GrimmaTheNome · 03/01/2012 16:10

exBB - YANBU, and it isn't inevitable. So long as most of the choices you make are what you want, and when old enough what your DC wants, the odd bit of gendered crap given to DCs isn't going to matter too much.

For instance, my DD has been given much sparkly fake jewellery over the years. She has very rarely chosen to wear any of it (though she could have if she wished) - but was always happy to add it to her 'pirate treasure chest'.

keSnowBi · 03/01/2012 16:17

BrightonBelle, next time you come up against a block, point out that until fairly recent history, it was pale blue for a girl (a soft, gentle, sky colour) and vivid pink or pale red for boys (blood and masculinity and GRR).

It got swapped at some point (probably those damn Victorians) but was certainly the case in Henry VIII's time.
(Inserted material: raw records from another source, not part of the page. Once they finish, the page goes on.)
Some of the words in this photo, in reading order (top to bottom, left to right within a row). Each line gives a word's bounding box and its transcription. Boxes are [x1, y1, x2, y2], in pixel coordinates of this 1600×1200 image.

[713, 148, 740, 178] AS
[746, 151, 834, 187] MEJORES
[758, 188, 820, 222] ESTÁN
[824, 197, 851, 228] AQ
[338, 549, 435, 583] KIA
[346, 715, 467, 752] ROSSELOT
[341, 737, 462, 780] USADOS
I do think it's harder for boys, in that being a tomboy is ok for girls but being girlie is considered awful for boys. But they do also stereotype themselves - DD is the granddaughter of farmers and has been in tractors and herding sheep since she was 3 months old and she markedly prefers the 'tiny baby lambs' to the tractors and combine harvester, and has started to refuse to wear jeans, much to my exasperation (she is 2 and not under any other influences).

permanently - if anyone gives you grief you should hand out flyers for Billy Elliot Grin

Victorialucas · 03/01/2012 16:24

IMO this gender stereotyping of DCs has got a lot worse in the past few years.